(Input data)
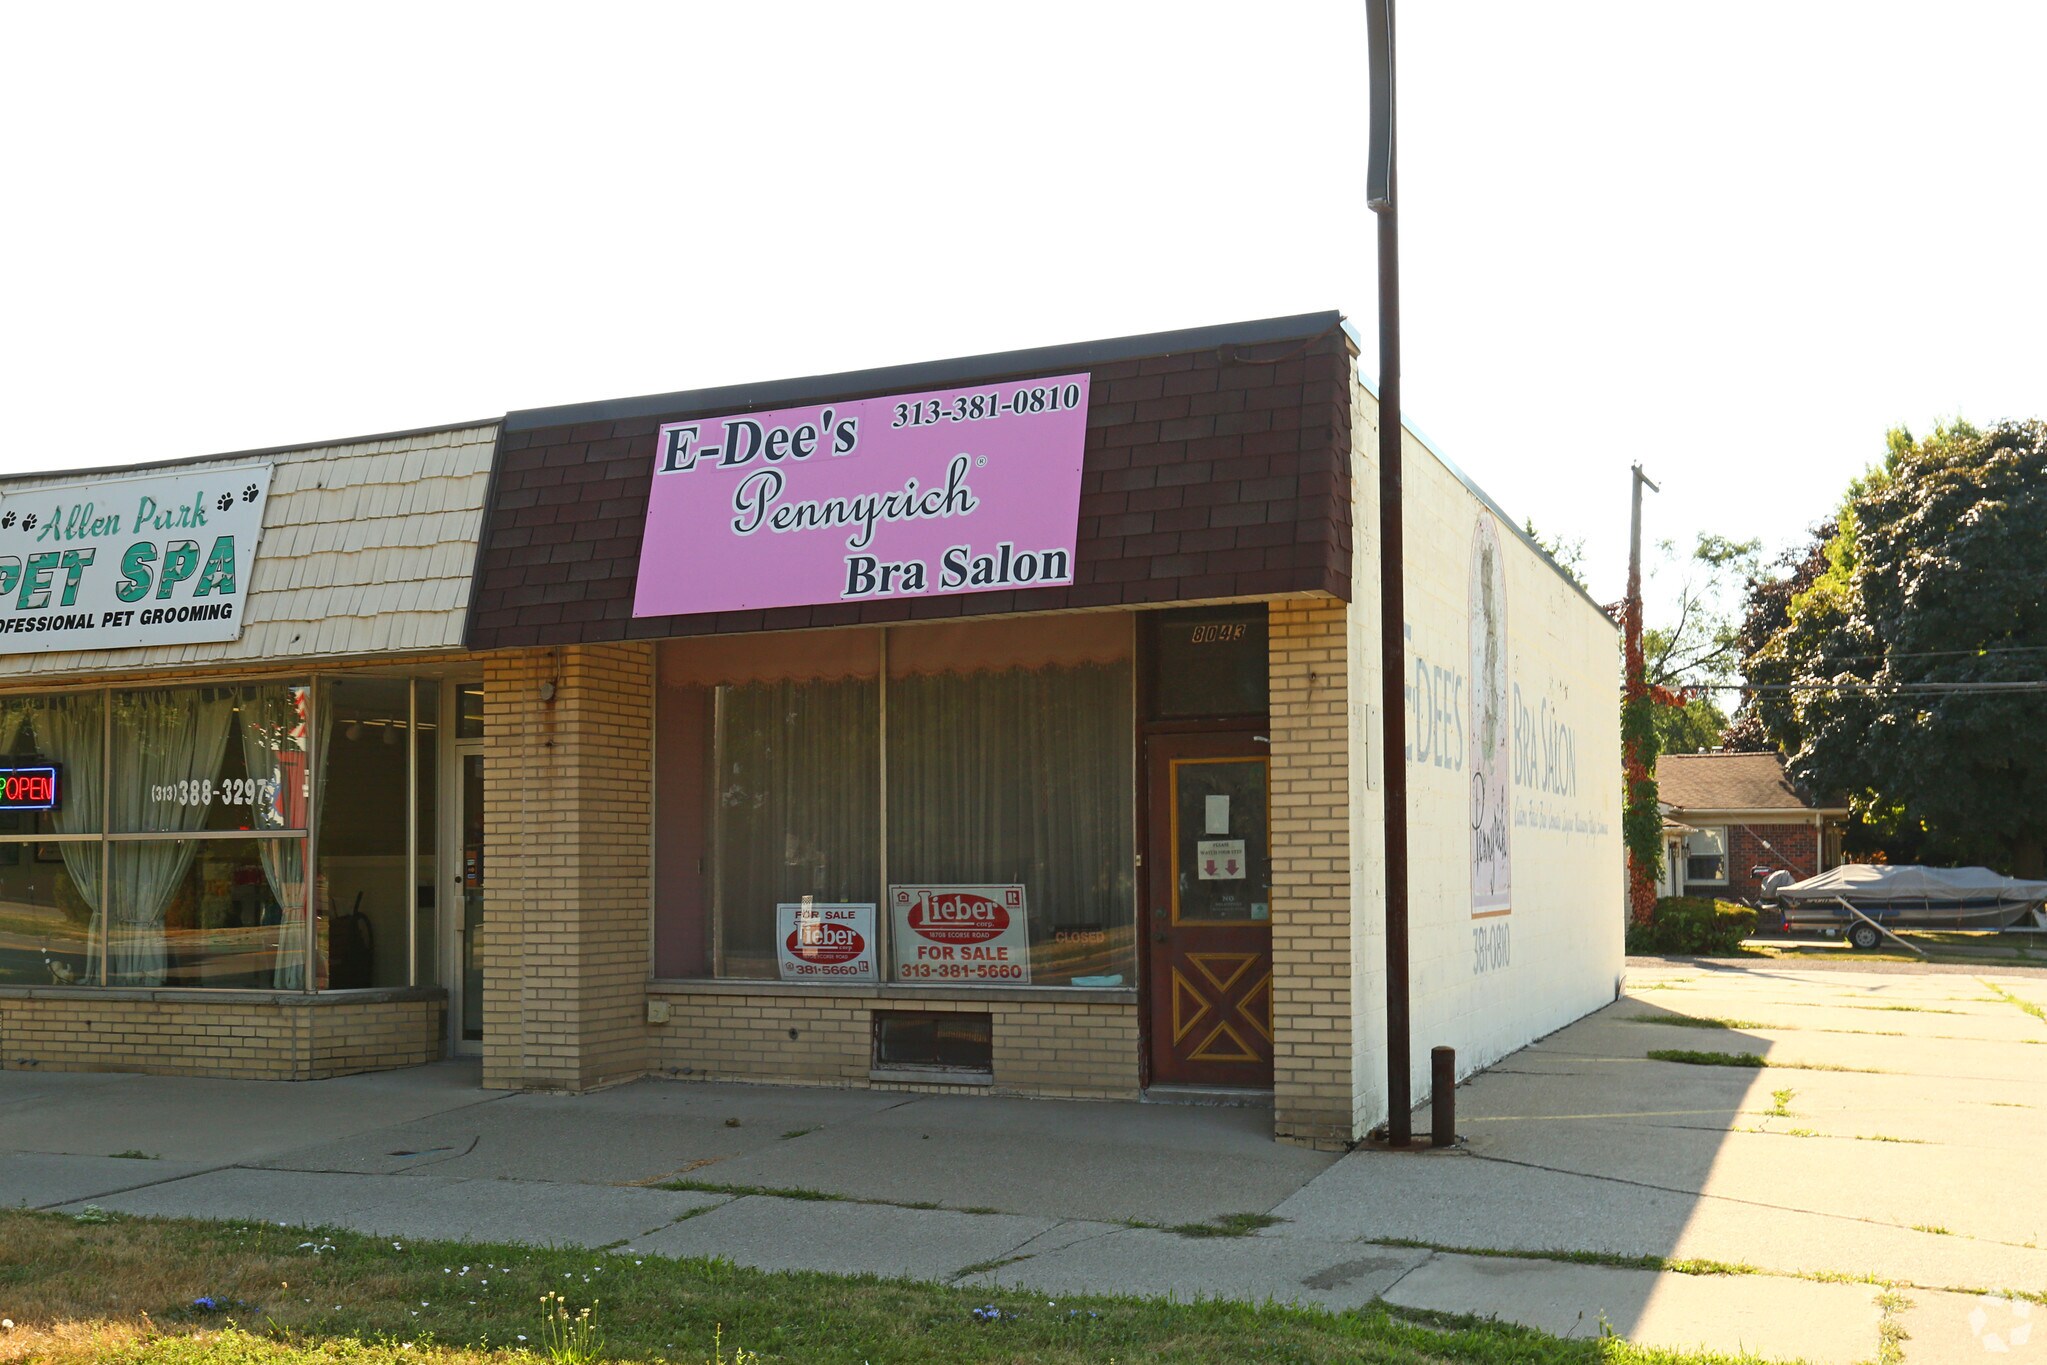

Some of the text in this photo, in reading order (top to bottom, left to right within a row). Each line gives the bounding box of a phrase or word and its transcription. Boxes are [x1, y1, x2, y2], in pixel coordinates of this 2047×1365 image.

[893, 383, 1080, 428] 313-381-0810
[660, 409, 857, 472] E-Dee's
[733, 453, 976, 548] Pennyrich
[36, 491, 208, 542] Allen Park
[115, 535, 236, 602] SPA
[843, 544, 1070, 597] Bra Salon
[102, 610, 135, 627] PET
[140, 603, 233, 625] GROOMING
[1192, 624, 1247, 642] 8043
[6, 776, 53, 800] OPEN
[152, 778, 267, 806] (313) 388-3297
[795, 911, 855, 919] FOR SALE
[918, 890, 998, 926] Lieber
[793, 920, 856, 949] Lieber
[1055, 931, 1105, 944] CLOSED
[917, 946, 1009, 961] FOR SALE
[901, 963, 1022, 979] 313-381-5660
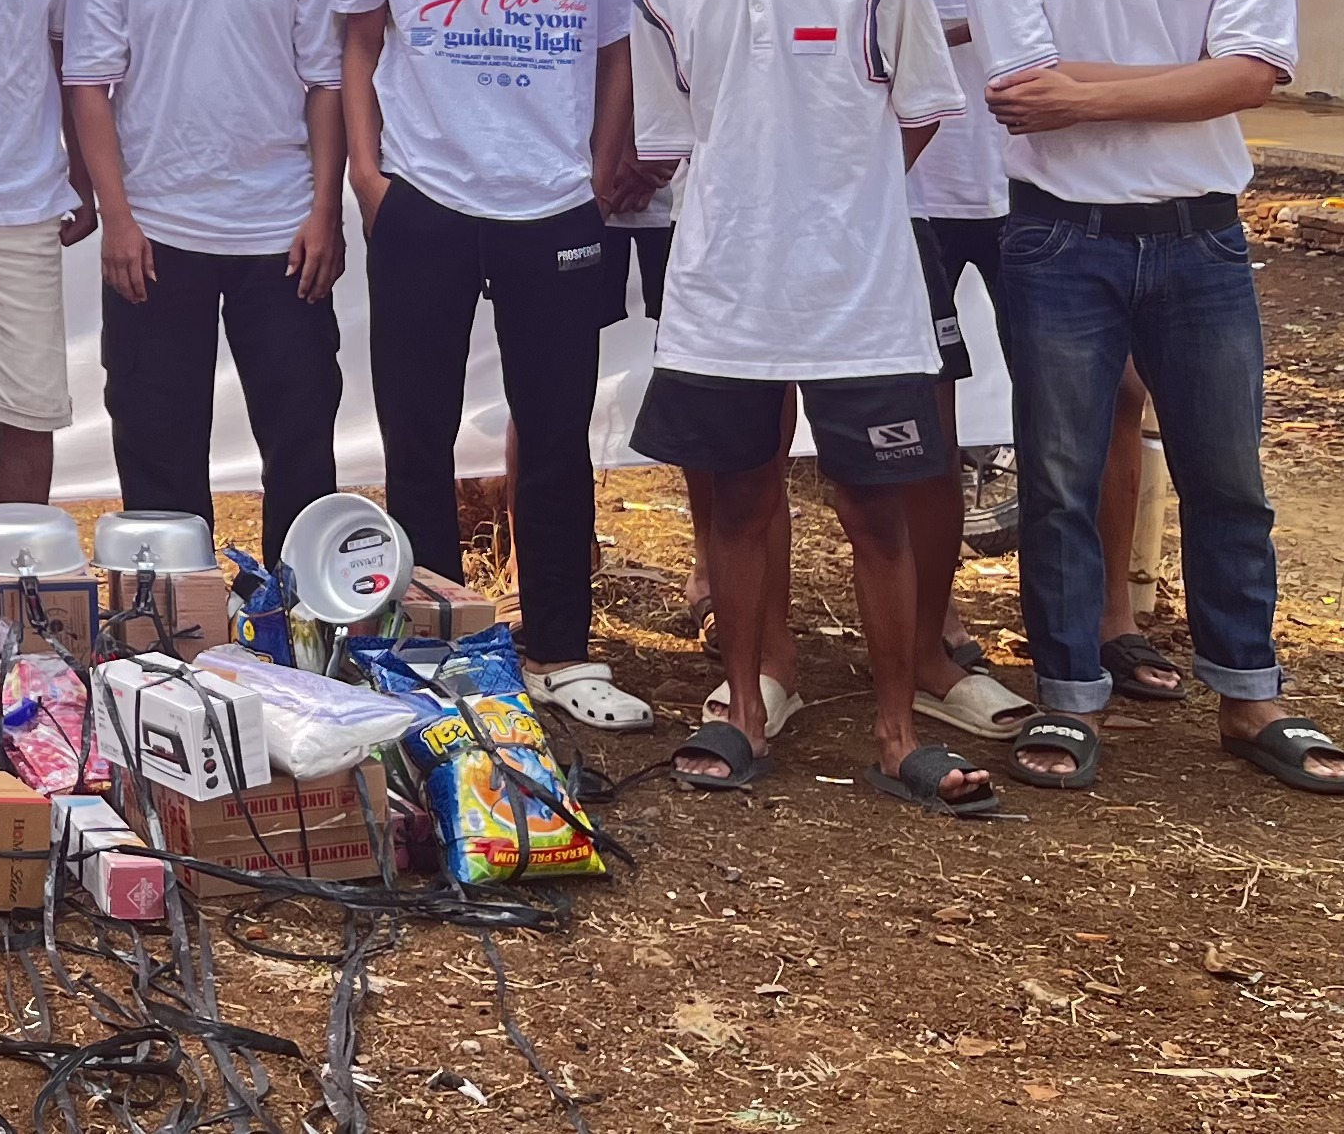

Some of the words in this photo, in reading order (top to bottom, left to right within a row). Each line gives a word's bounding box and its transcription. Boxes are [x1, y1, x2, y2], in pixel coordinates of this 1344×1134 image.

[504, 10, 532, 27] be
[533, 14, 587, 30] your
[443, 27, 532, 53] guiding
[534, 27, 582, 55] light
[875, 445, 924, 461] SPORTS
[421, 715, 508, 757] Lkal
[493, 851, 552, 865] PREIUM
[554, 845, 590, 863] BERAS

(Exercise instructions) Taking the line with "Some of the words" as the start and the last line of the data above as the end, write out those two lines and every line between them exactly, and only those.

(Output of the exercise)
Some of the words in this photo, in reading order (top to bottom, left to right within a row). Each line gives a word's bounding box and its transcription. Boxes are [x1, y1, x2, y2], in pixel coordinates of this 1344×1134 image.

[504, 10, 532, 27] be
[533, 14, 587, 30] your
[443, 27, 532, 53] guiding
[534, 27, 582, 55] light
[875, 445, 924, 461] SPORTS
[421, 715, 508, 757] Lkal
[493, 851, 552, 865] PREIUM
[554, 845, 590, 863] BERAS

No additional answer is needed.